** Opening Supplied data block **

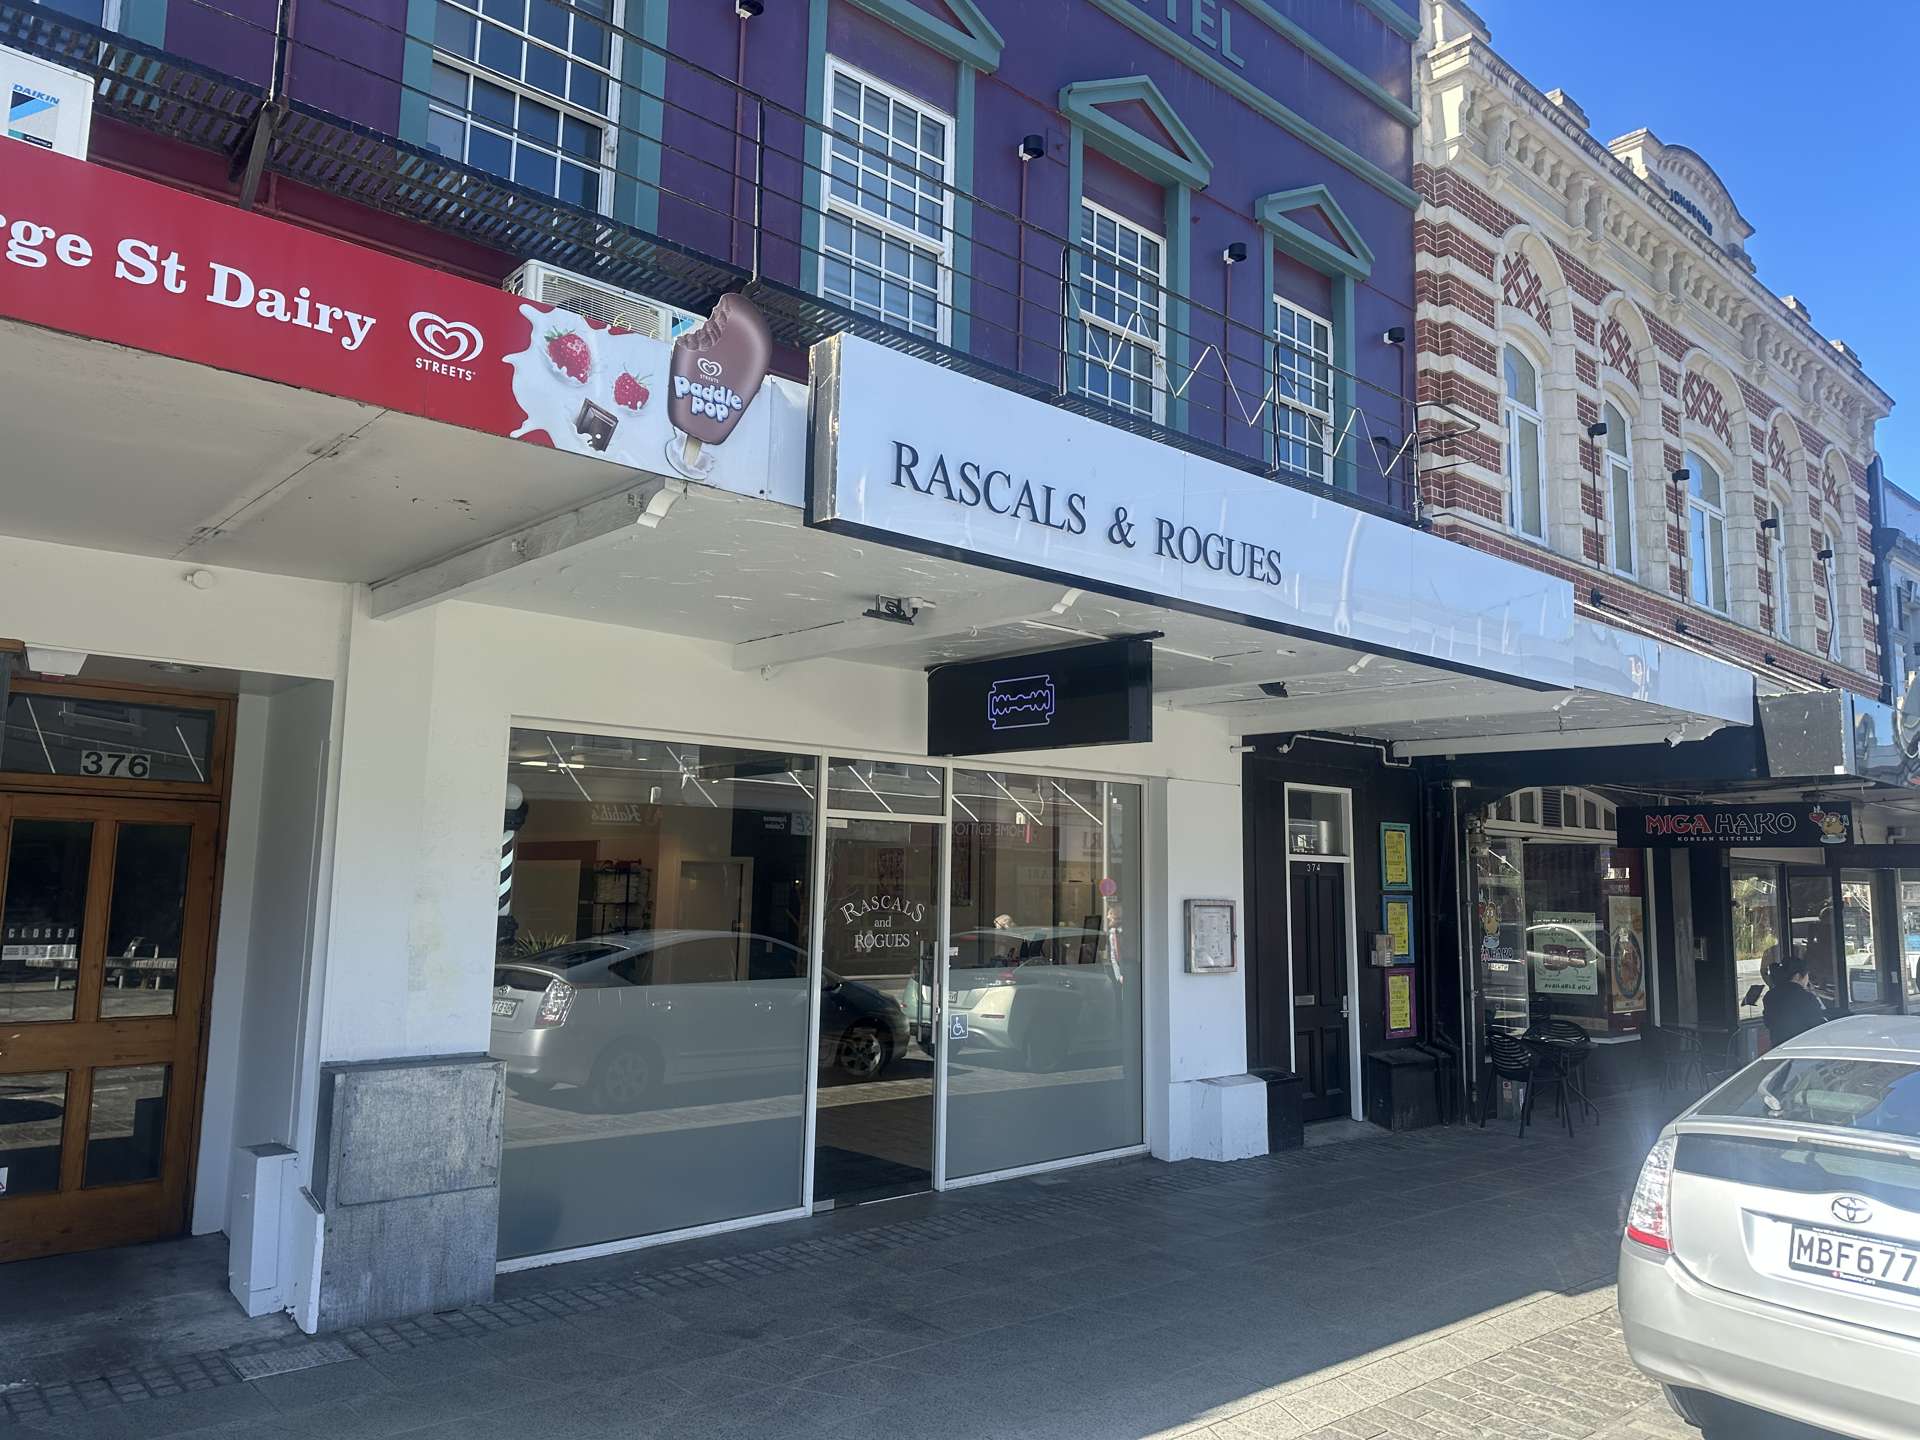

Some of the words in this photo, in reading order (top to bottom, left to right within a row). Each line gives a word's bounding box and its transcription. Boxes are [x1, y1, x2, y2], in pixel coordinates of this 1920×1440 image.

[13, 84, 60, 105] DAIKIN
[115, 238, 187, 294] St
[207, 263, 376, 351] Dairy
[415, 357, 472, 381] STREETS
[891, 440, 1087, 535] RASCALS
[1107, 506, 1136, 548] &
[1154, 518, 1282, 586] ROGUES
[83, 751, 149, 777] 376
[1646, 814, 1711, 835] MIGA
[1715, 812, 1797, 835] HAKO
[1306, 863, 1320, 872] 374
[840, 896, 925, 924] RASCALS
[874, 916, 892, 927] and
[8, 928, 75, 938] CLOSED
[854, 933, 910, 948] ROGUES
[1797, 1234, 1917, 1282] MBF677
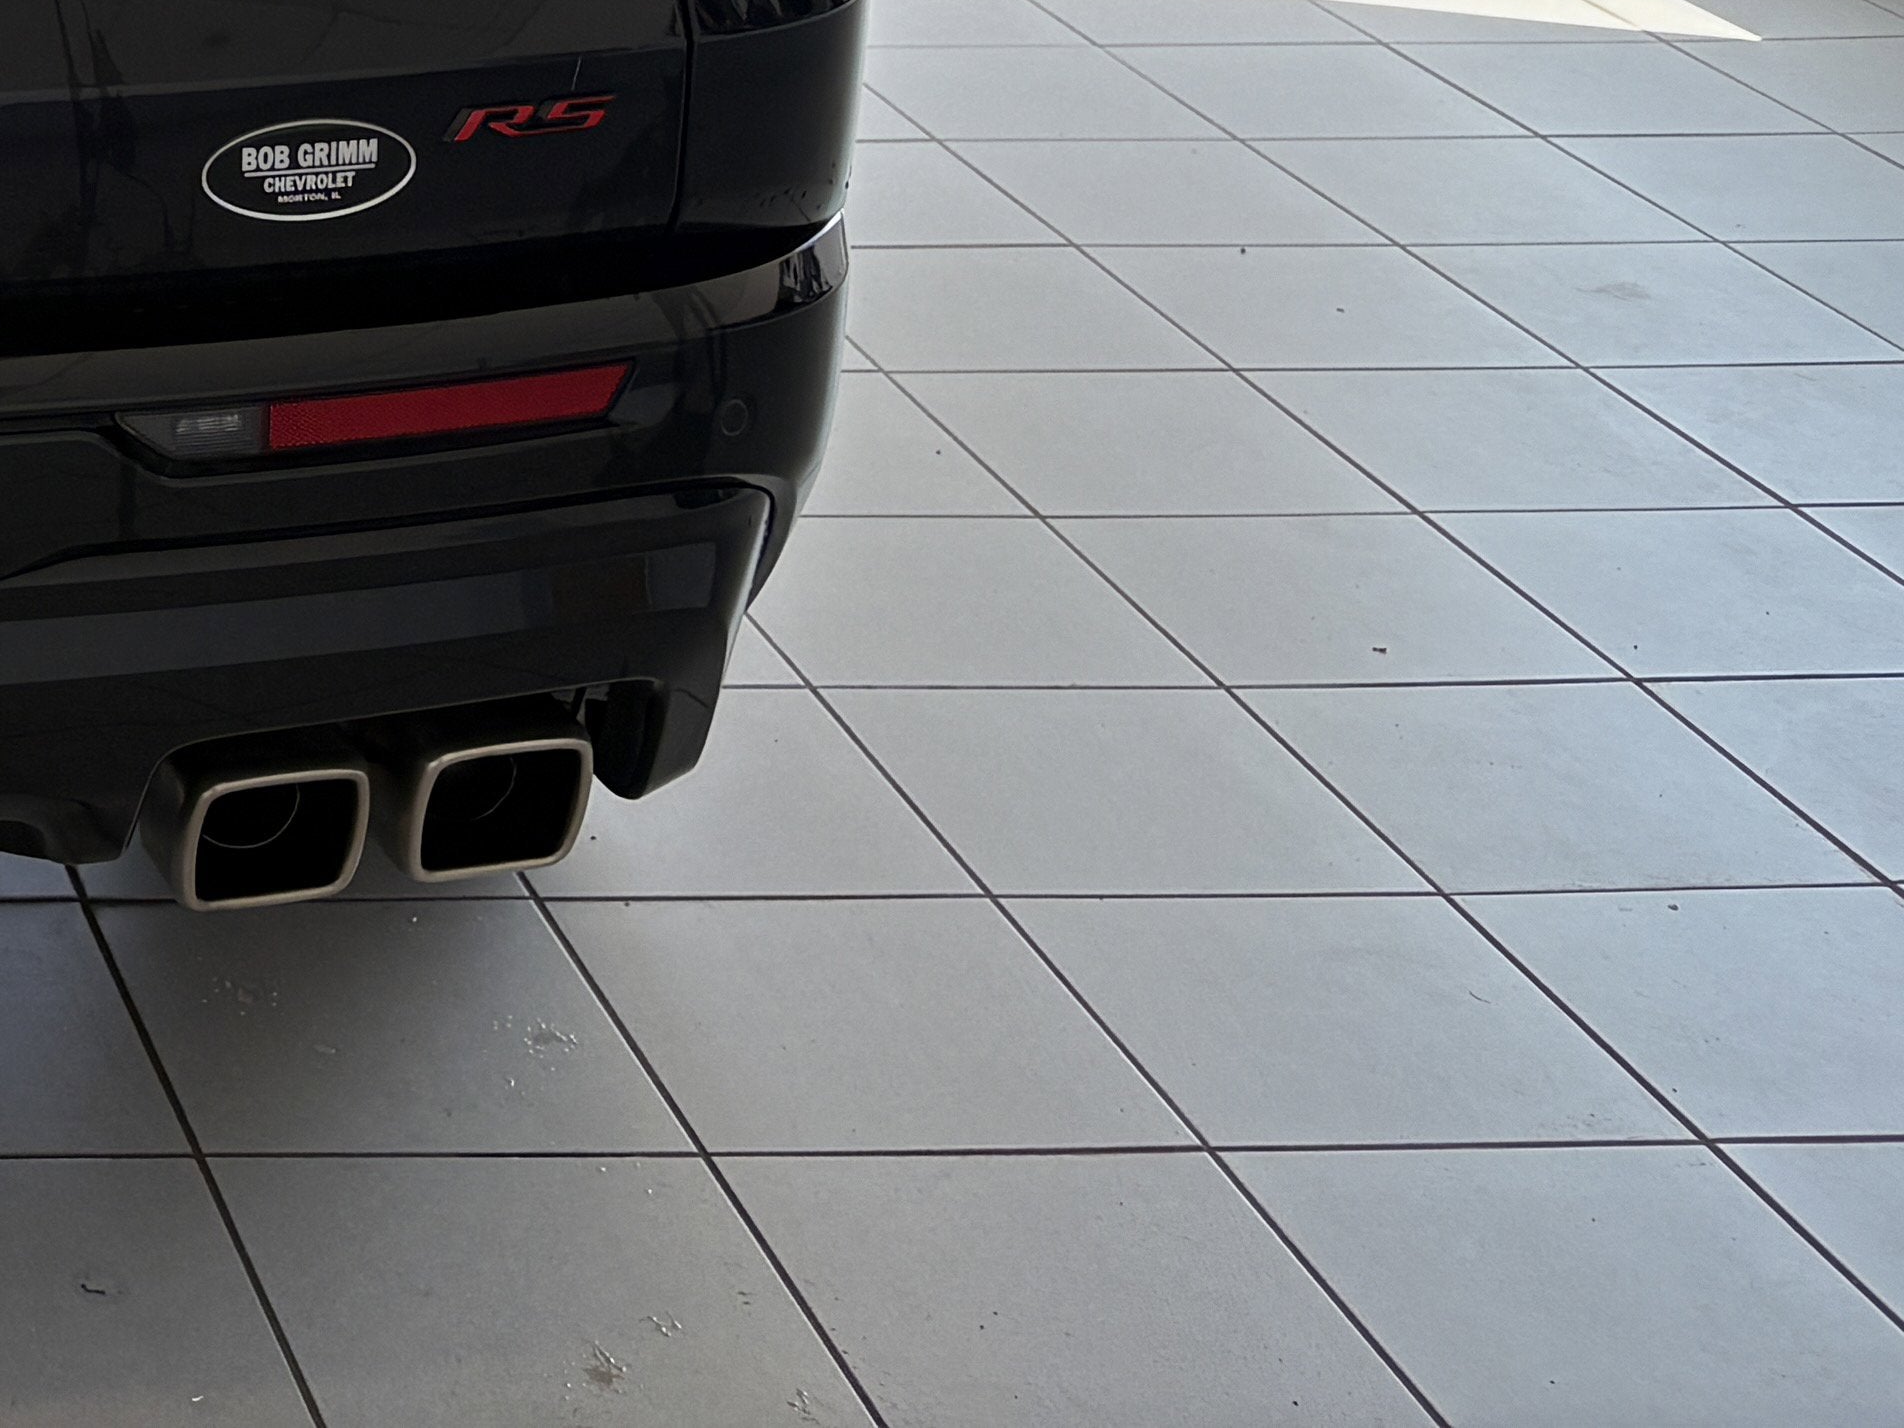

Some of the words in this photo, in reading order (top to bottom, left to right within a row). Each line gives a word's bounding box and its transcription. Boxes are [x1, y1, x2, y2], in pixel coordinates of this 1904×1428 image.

[442, 94, 617, 144] RS
[242, 145, 290, 171] BOB
[297, 138, 379, 168] GRIMM
[263, 171, 356, 193] CHEVROLET
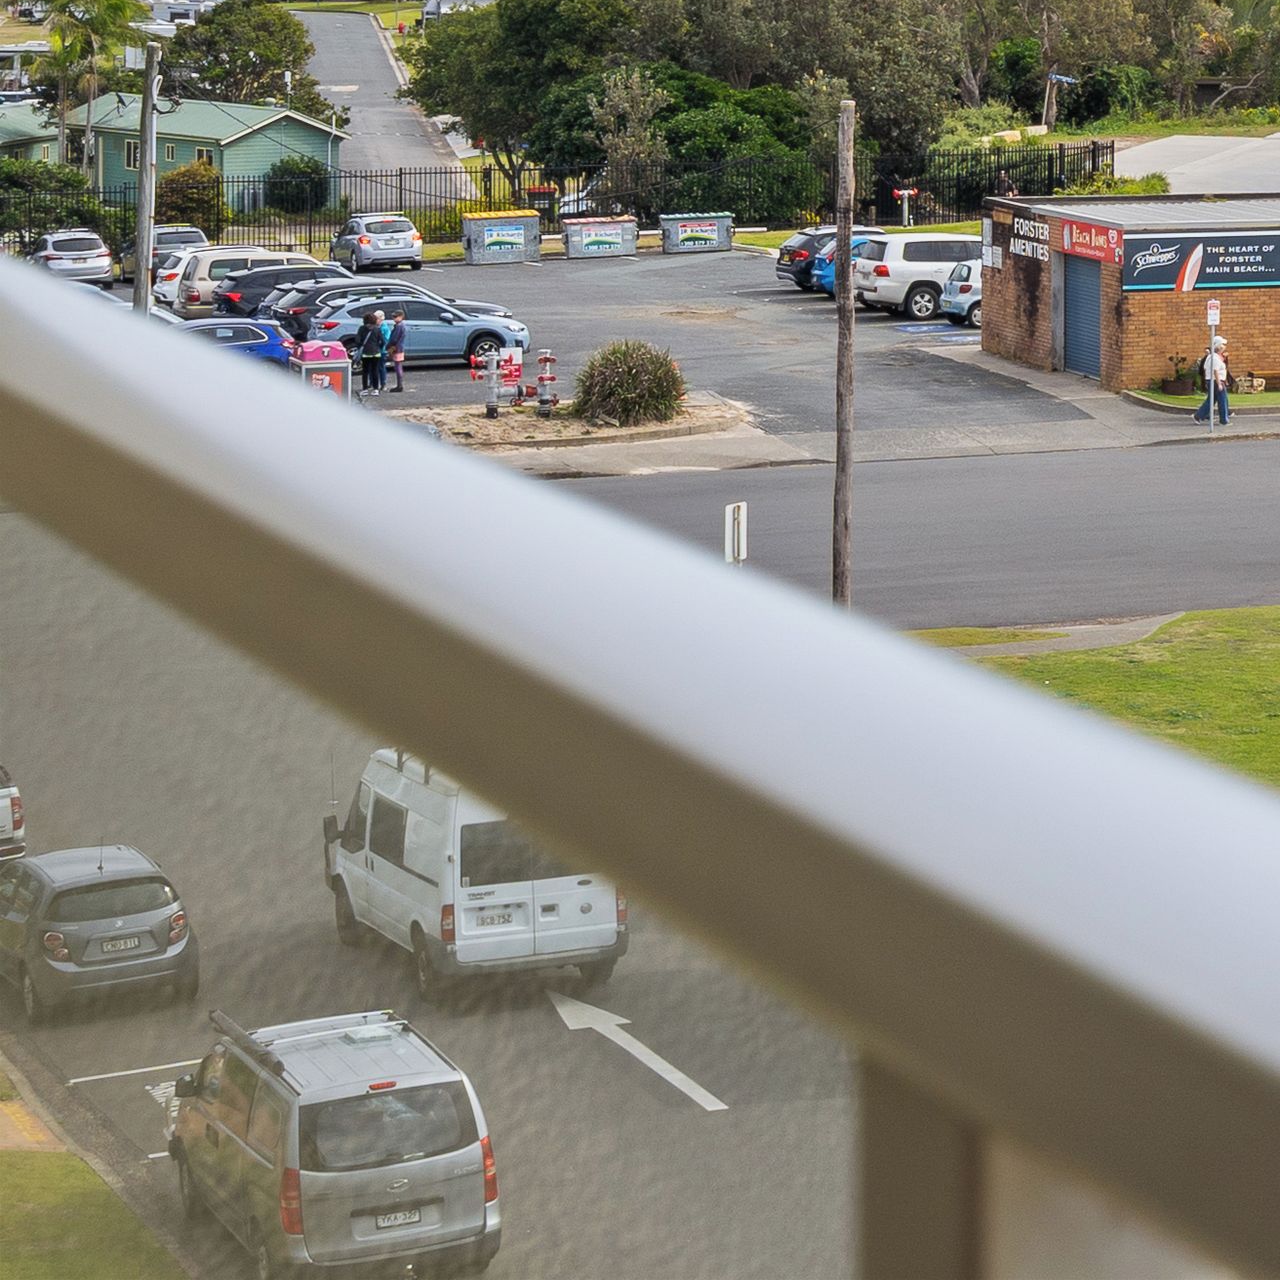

** Closing Supplied data block **

- Aim of the task:
The copy must start at the line containing "this 1904×1428 image." and end at the last line of the records, matching each line exactly and holding no pictures.

- Output for this task:
Some of the words in this photo, in reading order (top to bottom, left to right within a row). Each line gives a word's bounding box and its transcription. Boxes are [x1, y1, x2, y2], in pixel coordinates of this 1904×1428 image.

[442, 94, 617, 144] RS
[242, 145, 290, 171] BOB
[297, 138, 379, 168] GRIMM
[263, 171, 356, 193] CHEVROLET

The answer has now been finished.